C hi si oppone alla guerra avrebbe le idee confuse. Chi avanza dubbi sul ricorso all’uso indiscriminato dei missili sarebbe il solito “buonista”. Chi ripudia l’uso delle bombe vivrebbe il tabù della guerra, con l’illusione della pace perpetua, sotto la protezione dell’arsenale atomico americano. Costoro sarebbero i perfetti rappresentanti dell’Italia “di mezzo”. La tesi merita attenzione. Le guerre nascono e si alimentano per ragioni economiche e, purtroppo, spesso, per contrasti di natura etnica e religiosa. In molte parti del mondo alcune vicende storiche non hanno trovato ancora composizione.

I n primis quella israeliano-palestinese, perché, anziché affrontare alla radice la causa del conflitto, si preferisce lasciare accesa la miccia. La storia insegna che esistono due strade per fare cessare il conflitto: il dialogo e l’uso della forza. La prima è lunga e faticosa, richiede perseveranza e una radicale adesione ai principi di tolleranza e rispetto. La seconda soddisfa la sete di vendetta e spesso è stata la chiave di lettura per creare consenso. Nel caso del conflitto in Terra Santa, i due poli estremi si sono legittimati vicendevolmente. Amos Oz, già nel 1995, qualificò Hamas “come lo strumento migliore nelle mani dei fanatici israeliani. (…) Se non fosse per i crimini di Hamas, i falchi israeliani se la vedrebbero assai male, perché costretti ad accettare il processo di pace”, fondato sul riconoscimento di due popoli che vivono sullo stesso territorio. Queste due posizioni estreme trovano il sostegno in molte parti del mondo. Lo scrittore algerino Bonalm Sansal ritiene che ci si debba schierare quasi a occhi chiusi contro l’islamismo. Dall’altra parte, in un suo manifesto, Hamas “ha giurato di condurre una guerra santa contro gli ebrei in Palestina, fino al raggiungimento della vittoria di Allah”. Siamo di fronte al riacutizzarsi del fanatismo religioso che si fonda sull’intolleranza e sull’apparente reciproco delegittimarsi. Per Hamas, Israele è lo “Stato dei criminali sionisti”; per l’estrema destra israeliana, Hamas è lo “Stato terroristico”. Per queste due fazioni, e per molti intellettuali occidentali, la guerra è una strada obbligata, senza alternative.

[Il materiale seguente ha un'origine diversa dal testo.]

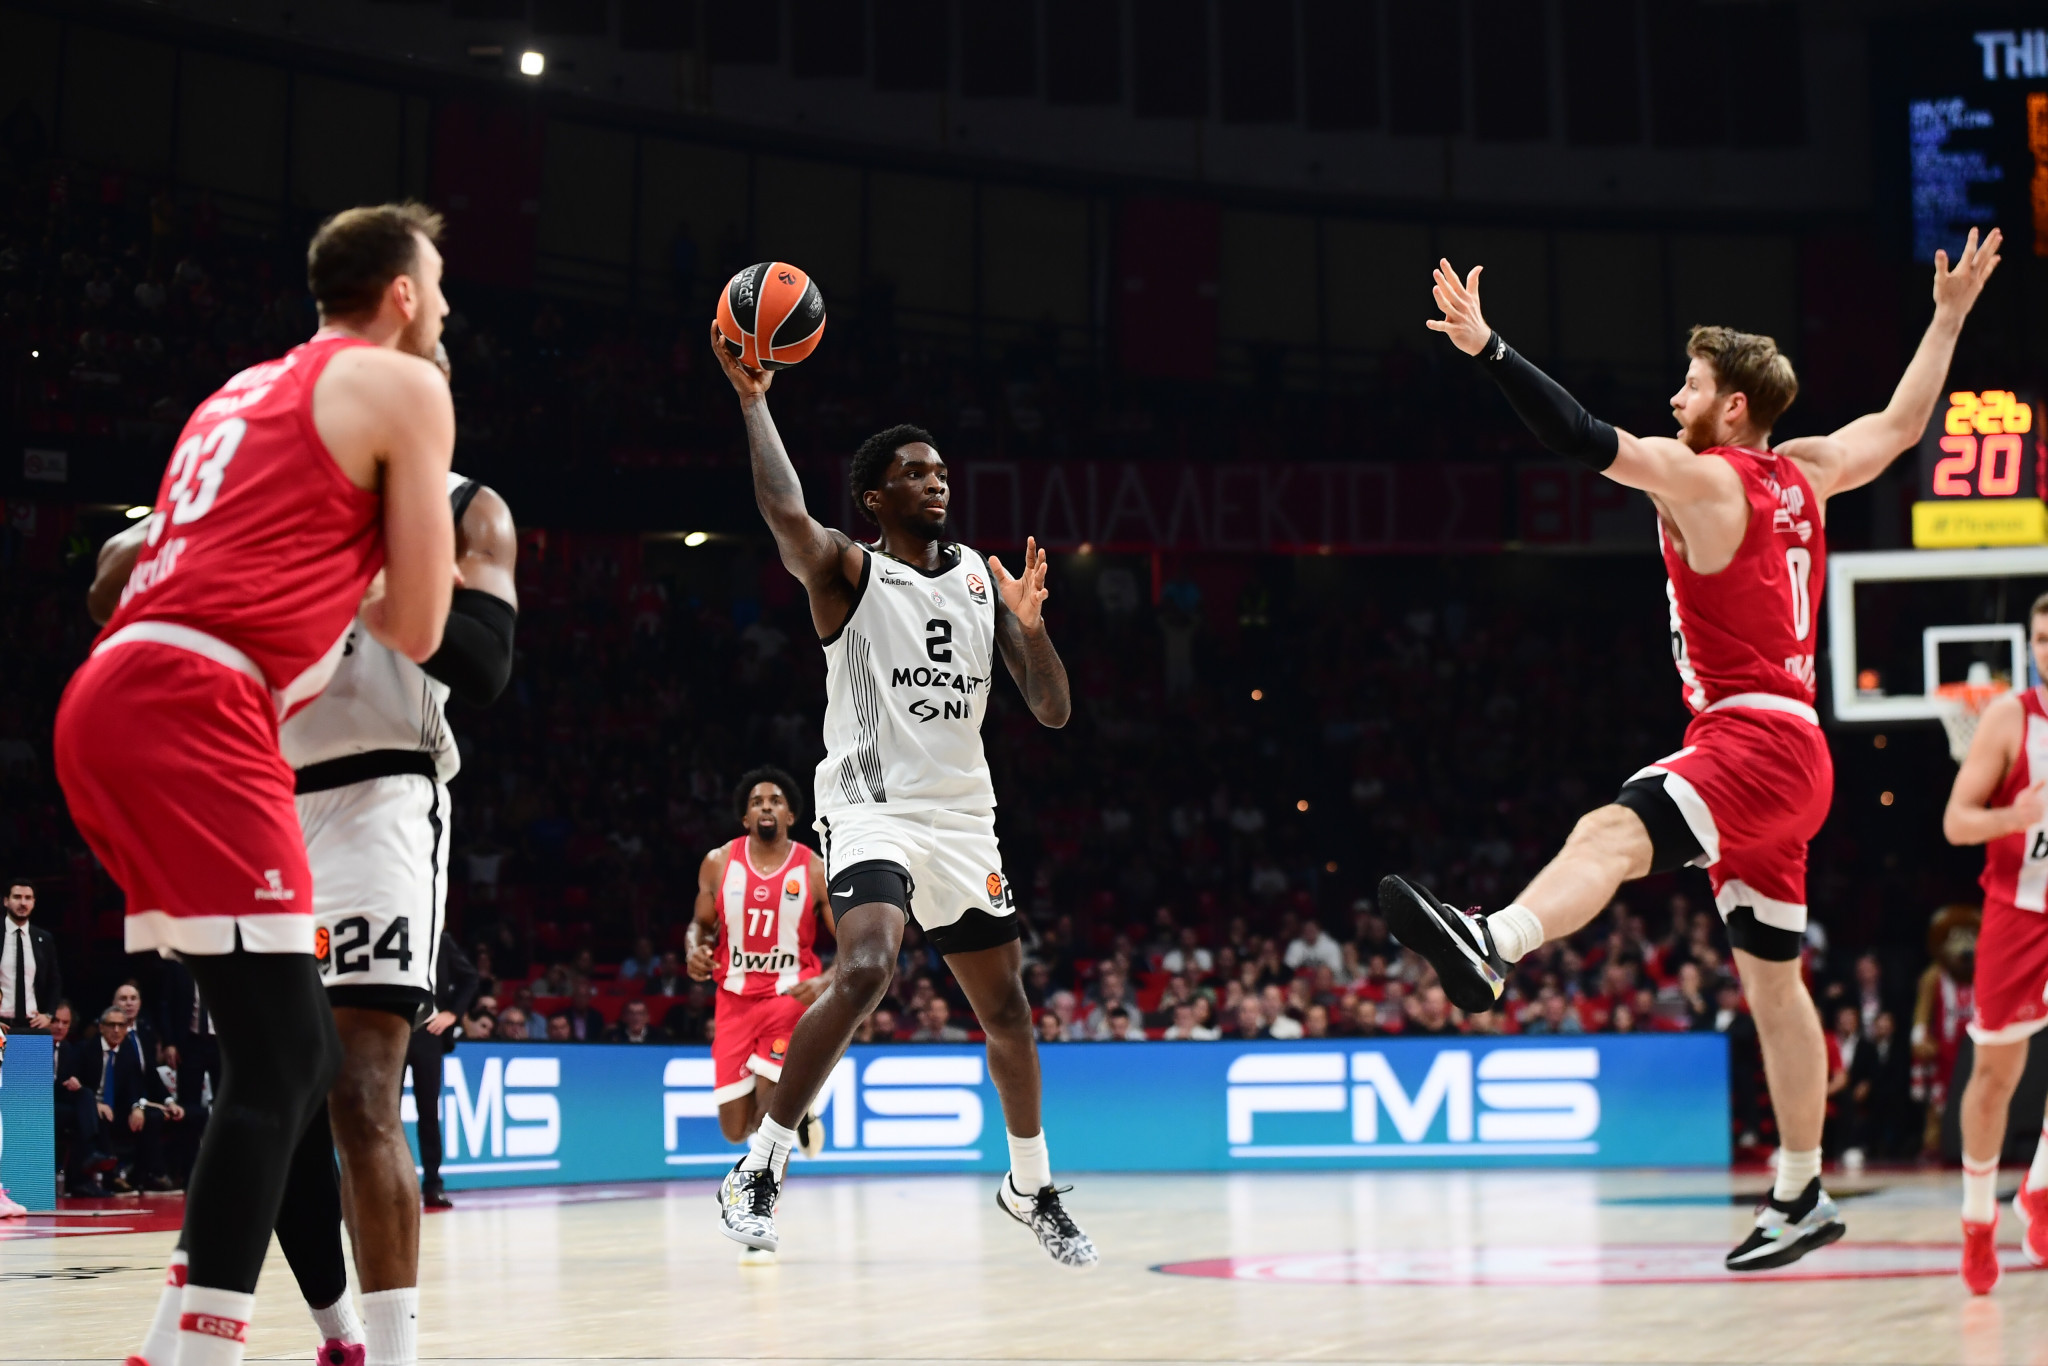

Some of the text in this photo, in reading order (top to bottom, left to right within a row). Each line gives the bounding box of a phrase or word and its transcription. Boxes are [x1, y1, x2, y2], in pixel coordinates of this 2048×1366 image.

[1973, 30, 2048, 80] THI
[1933, 434, 2023, 496] 20
[884, 578, 914, 587] AikBank
[1786, 547, 1812, 641] 0
[925, 618, 953, 664] 2
[943, 700, 970, 720] NI
[333, 915, 413, 973] 24
[747, 908, 775, 938] 77
[732, 946, 795, 972] bwin
[1226, 1047, 1601, 1143] FMS

Pertanto, chi la rifiuta sarebbe un semplice “buonista”. Invece, opporsi a questa impostazione non è sinonimo di “buonismo” o di confusione culturale, ma è fatica e comprensione, riconoscimento dell’avversario e del “diverso”.

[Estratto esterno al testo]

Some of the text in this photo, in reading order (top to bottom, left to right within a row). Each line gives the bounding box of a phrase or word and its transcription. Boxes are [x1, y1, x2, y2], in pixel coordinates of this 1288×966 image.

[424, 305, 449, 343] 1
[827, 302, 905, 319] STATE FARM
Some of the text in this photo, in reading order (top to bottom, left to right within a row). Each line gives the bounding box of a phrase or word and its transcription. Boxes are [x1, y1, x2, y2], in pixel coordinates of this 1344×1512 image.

Ripudiare la guerra non significa abbandonare al loro destino gli oppressi e i diseredati, ma costruire percorsi efficaci di convivenza. Gli Stati democratici e tutti gli uomini di “buona volontà” devono frenare il ricorso alle armi con la diplomazia, l’uso proporzionato delle sanzioni e il sostegno alle popolazioni aggredite. Ripudiare la guerra significa aderire in pienezza alla Carta delle Nazioni Unite che esclude l’uso della forza nei rapporti internazionali.

Ripudiare il fanatismo significa fare tesoro della lezione che deriva da secoli di lutti e oscurantismo religioso, in nome del valore supremo della vita umana e della sua dignità; significa evitare di usare la religione come bene assoluto, in nome del quale compiere qualsivoglia efferatezza nei confronti di chi quella religione non professa. “Date a Cesare quel che è di Cesare e a Dio quel che è di Dio”, disse Gesù due giorni prima di morire in Croce. Lo affermò per separare le due sfere della vita, quella laica, dove credenti di tutte le confessioni unitamente ai non credenti sono chiamati a condividere il tempo e lo spazio del proprio destino, e quella religiosa, dove ciascuno troverà, se lo vorrà, linfa e motivazioni per vivere al meglio e, se possibile, migliora re la “casa laica comune”.

Allora, che continui il dibattito sulla guerra senza delegittimare o deridere chi contrasta l’uso della forza quale strumento di risoluzione dei tanti conflitti in corso nel mondo.